Naquela tarde, Mateo a esperava no Parque México com um enorme buquê de rosas vermelhas. Ele se sentia ridículo, mas desesperado. Quando Lucía apareceu, vestia uma jaqueta simples e seus olhos estavam cansados.
—Lucía, por favor. Deixe-me explicar.
Ela olhou para as flores.
—Isso também faz parte do seu teatro?
Mateo baixou o buquê.
—Não. Eu te amo.
Lucía fechou os olhos por um segundo, como se aquelas palavras a tivessem magoado.
—Não diga isso para consertar o que você quebrou.
—Eu posso te dar estabilidade. Posso te ajudar com os estudos, com o aluguel, com o que você precisar. Você nunca mais vai ter que se preocupar com dinheiro.
Ela soltou uma risada triste.
“É isso que você não entende. Passei anos me reconstruindo para não depender de ninguém. Sobrevivi a um pai abusivo, dívidas, funerais, empregos onde era tratada como inferior. E quando alguém finalmente olhou para mim sem pena, descobriu que também estava me julgando.”
Mateo sentiu que as flores pesavam como pedras.
—Não tive a intenção de te magoar.
—Mas você conseguiu.
Lúcia respirou fundo.
—Vou me demitir. Não aceitarei a promoção. Não quero que meu futuro dependa de você.
—Lucía…
—Se você voltar a falar comigo, que seja sem disfarces, sem provas e sem tentar me salvar.
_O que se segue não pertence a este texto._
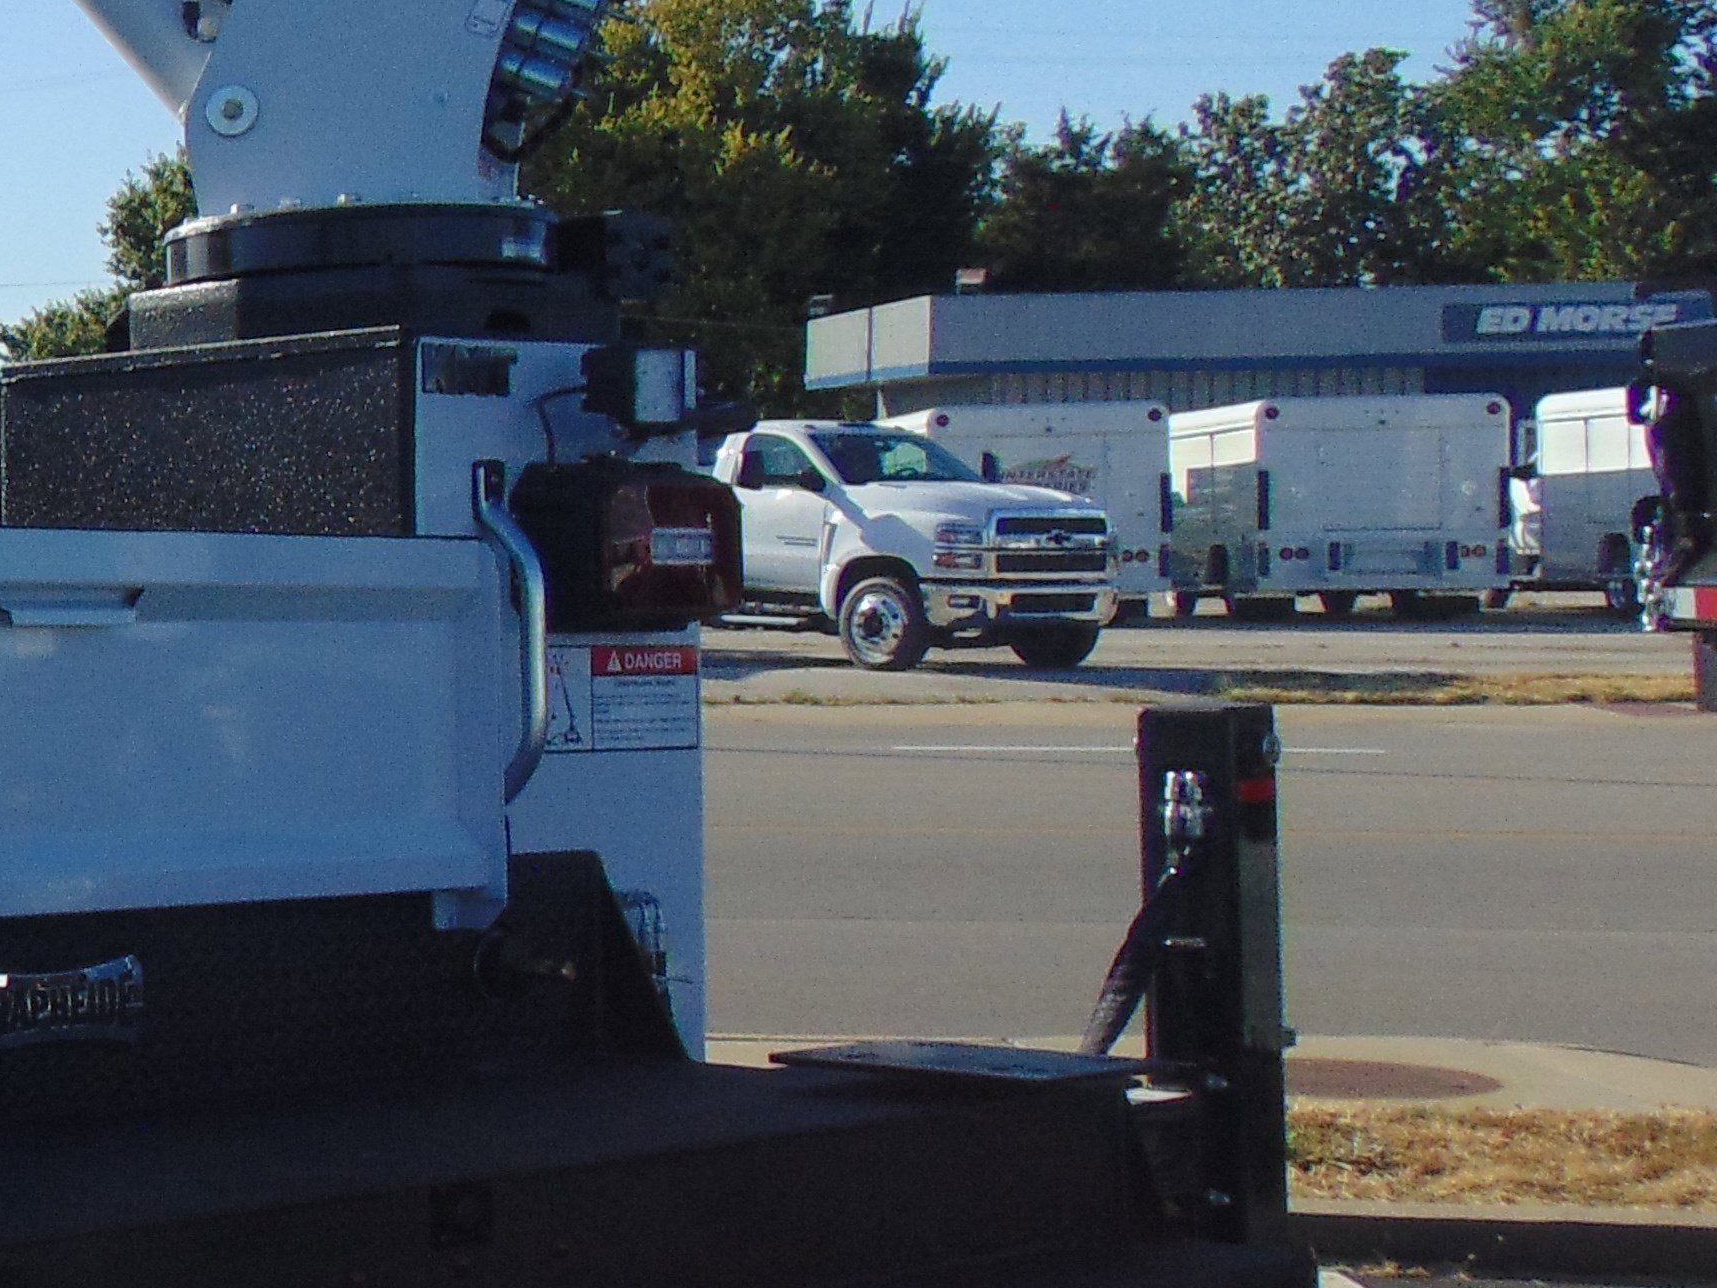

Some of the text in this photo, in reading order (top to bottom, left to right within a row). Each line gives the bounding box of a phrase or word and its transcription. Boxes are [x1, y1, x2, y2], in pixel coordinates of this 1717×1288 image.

[1476, 303, 1679, 335] ED MORSE
[624, 652, 682, 669] DANGER
Ela se afastou sob as luzes do parque. Mateo não a seguiu. Pela primeira vez, ele entendeu que amar alguém não era dar-lhe dinheiro, mas respeitar a distância que essa pessoa precisava para se curar.
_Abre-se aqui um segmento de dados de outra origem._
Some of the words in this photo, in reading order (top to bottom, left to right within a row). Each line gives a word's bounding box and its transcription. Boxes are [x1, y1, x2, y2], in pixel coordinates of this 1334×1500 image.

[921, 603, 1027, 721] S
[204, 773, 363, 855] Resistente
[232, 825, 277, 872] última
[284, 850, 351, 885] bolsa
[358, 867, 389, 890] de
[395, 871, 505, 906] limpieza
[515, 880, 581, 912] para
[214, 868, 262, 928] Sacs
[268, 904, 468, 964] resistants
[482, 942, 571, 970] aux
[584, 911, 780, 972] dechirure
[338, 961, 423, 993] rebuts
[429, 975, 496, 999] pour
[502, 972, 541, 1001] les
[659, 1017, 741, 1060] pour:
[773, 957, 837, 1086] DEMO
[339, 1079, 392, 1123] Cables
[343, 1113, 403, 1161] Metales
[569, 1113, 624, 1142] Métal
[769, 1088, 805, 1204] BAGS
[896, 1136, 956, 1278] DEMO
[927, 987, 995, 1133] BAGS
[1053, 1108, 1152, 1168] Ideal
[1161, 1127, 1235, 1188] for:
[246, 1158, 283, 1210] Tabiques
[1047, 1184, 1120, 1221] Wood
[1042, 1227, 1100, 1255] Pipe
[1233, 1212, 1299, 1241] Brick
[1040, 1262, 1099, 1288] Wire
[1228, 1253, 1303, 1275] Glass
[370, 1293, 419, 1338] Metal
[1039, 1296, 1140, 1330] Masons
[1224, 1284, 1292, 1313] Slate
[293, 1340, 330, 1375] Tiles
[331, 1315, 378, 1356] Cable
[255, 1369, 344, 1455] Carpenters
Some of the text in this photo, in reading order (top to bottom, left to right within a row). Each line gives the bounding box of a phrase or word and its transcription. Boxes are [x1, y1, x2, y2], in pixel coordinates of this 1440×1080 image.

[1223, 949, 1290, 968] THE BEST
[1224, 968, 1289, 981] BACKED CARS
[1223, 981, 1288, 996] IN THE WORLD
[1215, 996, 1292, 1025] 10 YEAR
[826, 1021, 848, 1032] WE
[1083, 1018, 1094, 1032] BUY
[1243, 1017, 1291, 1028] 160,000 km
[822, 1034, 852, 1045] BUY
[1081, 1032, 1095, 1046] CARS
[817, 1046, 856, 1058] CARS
Seis meses depois, uma pequena floricultura foi inaugurada em uma esquina tranquila do bairro Roma.
O nome dela era Flores de Lucía.
Não era grande nem luxuoso, mas cada detalhe levava o seu toque: vasos de flores pintados, fitas coloridas, buquês de copos-de-leite, cravos-de-defunto fora de época e rosas embrulhadas em papel kraft. Lucía o abriu com suas economias, um pequeno empréstimo e incontáveis noites em claro.
O primeiro mês foi difícil. O segundo também. Mas os vizinhos começaram a recomendá-la. Uma mulher comprava flores todas as segundas-feiras para o marido falecido. Um rapaz pediu girassóis para se desculpar com a namorada. Uma menina vinha todas as sextas-feiras comprar uma única margarida para a professora.
Lucía descobriu que não queria vender luxo. Ela queria vender gestos.
Certa manhã, enquanto arrumava lírios brancos, ela viu um carro preto estacionar do outro lado da rua.
Mateo desceu as escadas.
Ela não usava um vestido imponente. Nem havia rosas gigantes. Ela carregava um único vaso pequeno e simples de buganvília, com as folhas molhadas pela chuva.
Ele permaneceu na entrada, sem invadir.
—Olá, Lucia.
Ela o encarou por um longo tempo.
—Olá, Mateo.
Ele levantou cuidadosamente o vaso de flores.
—Desculpe, não vim comprar nada. Vim perguntar se esta planta precisa de sol direto ou sombra. Me disseram que aqui eles tratam bem até quem não entende nada do assunto.
Lúcia tentou não sorrir, mas não conseguiu evitar.
—Depende. Se você cuidar dela com paciência, ela floresce. Se tentar controlá-la demais, ela seca.
Mateo assentiu com a cabeça, compreendendo que eles não estavam falando apenas de plantas.
—Então aprenderei a cuidar bem dela.
Lúcia pegou o vaso de flores e o colocou no balcão.
—Eu posso explicar. Mas desta vez, sem mentiras.
“Sem mentiras”, disse ele.
A chuva continuava a cair sobre Roma, lavando calçadas, carros e antigas feridas. Não houve beijo de cinema, nem promessa eterna. Apenas duas pessoas frente a frente, pela primeira vez em pé de igualdade.
E às vezes, depois de tanta dor, isso é mais poderoso do que qualquer final perfeito.